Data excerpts
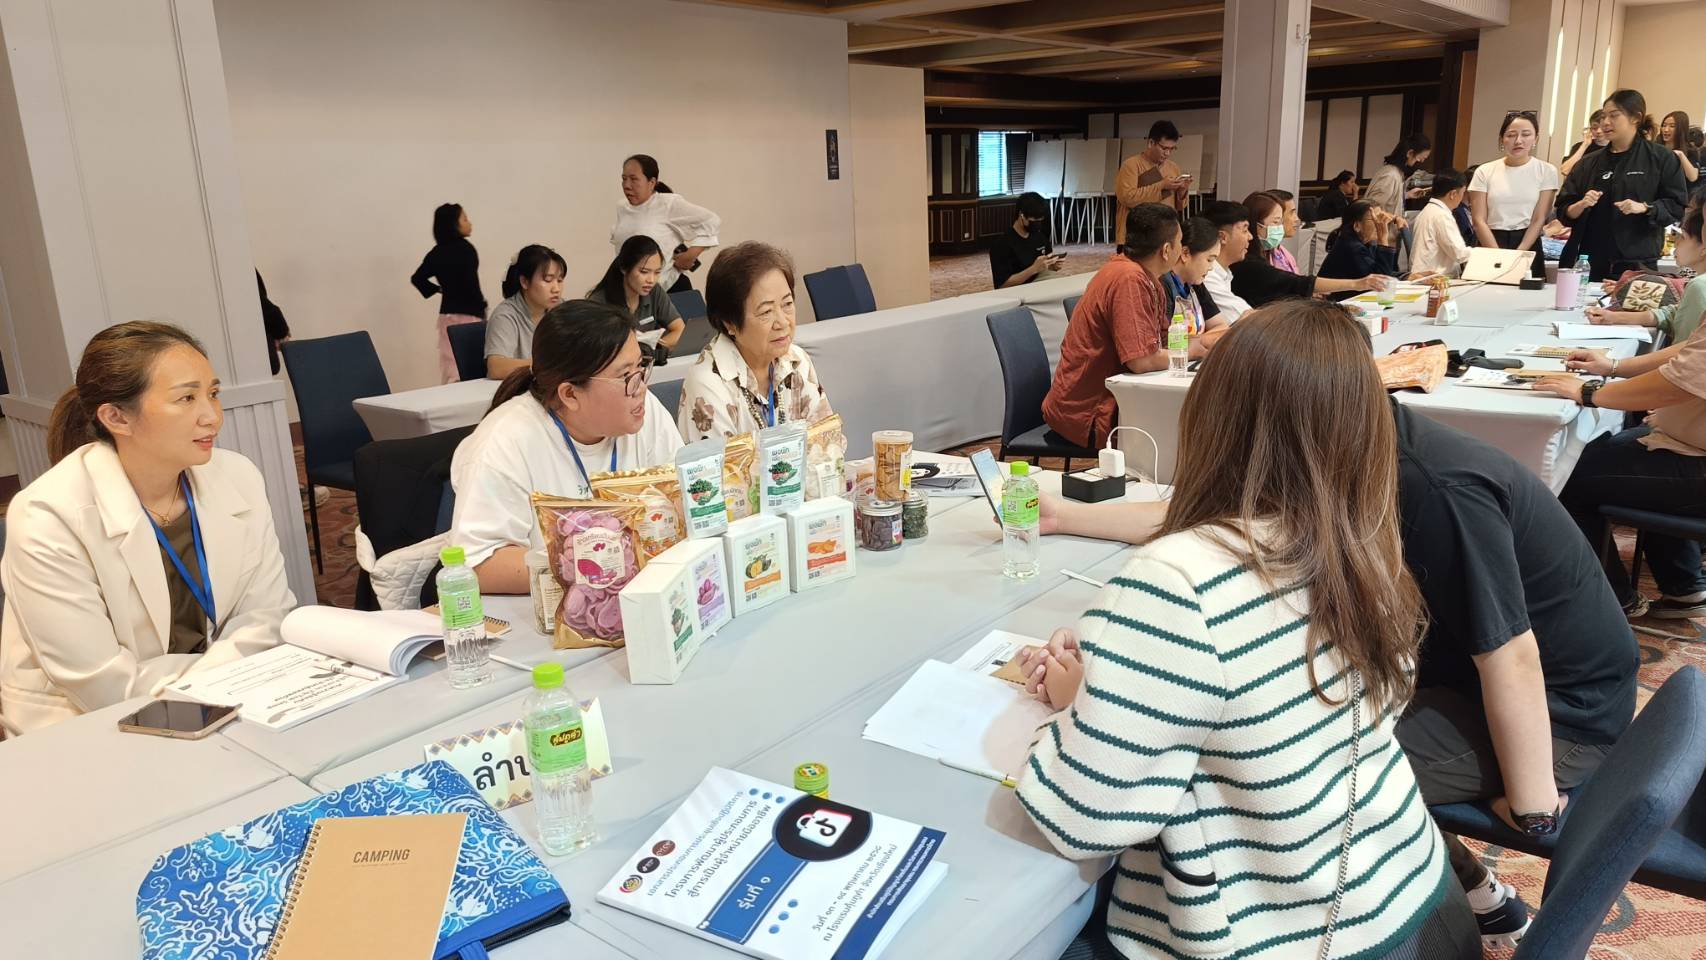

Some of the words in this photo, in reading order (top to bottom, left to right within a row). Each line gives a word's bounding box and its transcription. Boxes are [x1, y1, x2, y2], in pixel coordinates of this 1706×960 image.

[353, 848, 410, 864] CAMPING
[664, 801, 757, 898] โครงการพัฒนาผู้ประกอบการ
[688, 805, 771, 897] สู่การเป็นผู้จำหน่ายมืออาชีพ
[737, 884, 763, 909] รุ่นที่
[812, 916, 827, 931] วันที่
[824, 933, 832, 941] ณ

How to complete this task
Would you retype all the lines shown above, exactly as written and without any picture?

Task solution
Some of the words in this photo, in reading order (top to bottom, left to right within a row). Each line gives a word's bounding box and its transcription. Boxes are [x1, y1, x2, y2], in pixel coordinates of this 1706×960 image.

[353, 848, 410, 864] CAMPING
[664, 801, 757, 898] โครงการพัฒนาผู้ประกอบการ
[688, 805, 771, 897] สู่การเป็นผู้จำหน่ายมืออาชีพ
[737, 884, 763, 909] รุ่นที่
[812, 916, 827, 931] วันที่
[824, 933, 832, 941] ณ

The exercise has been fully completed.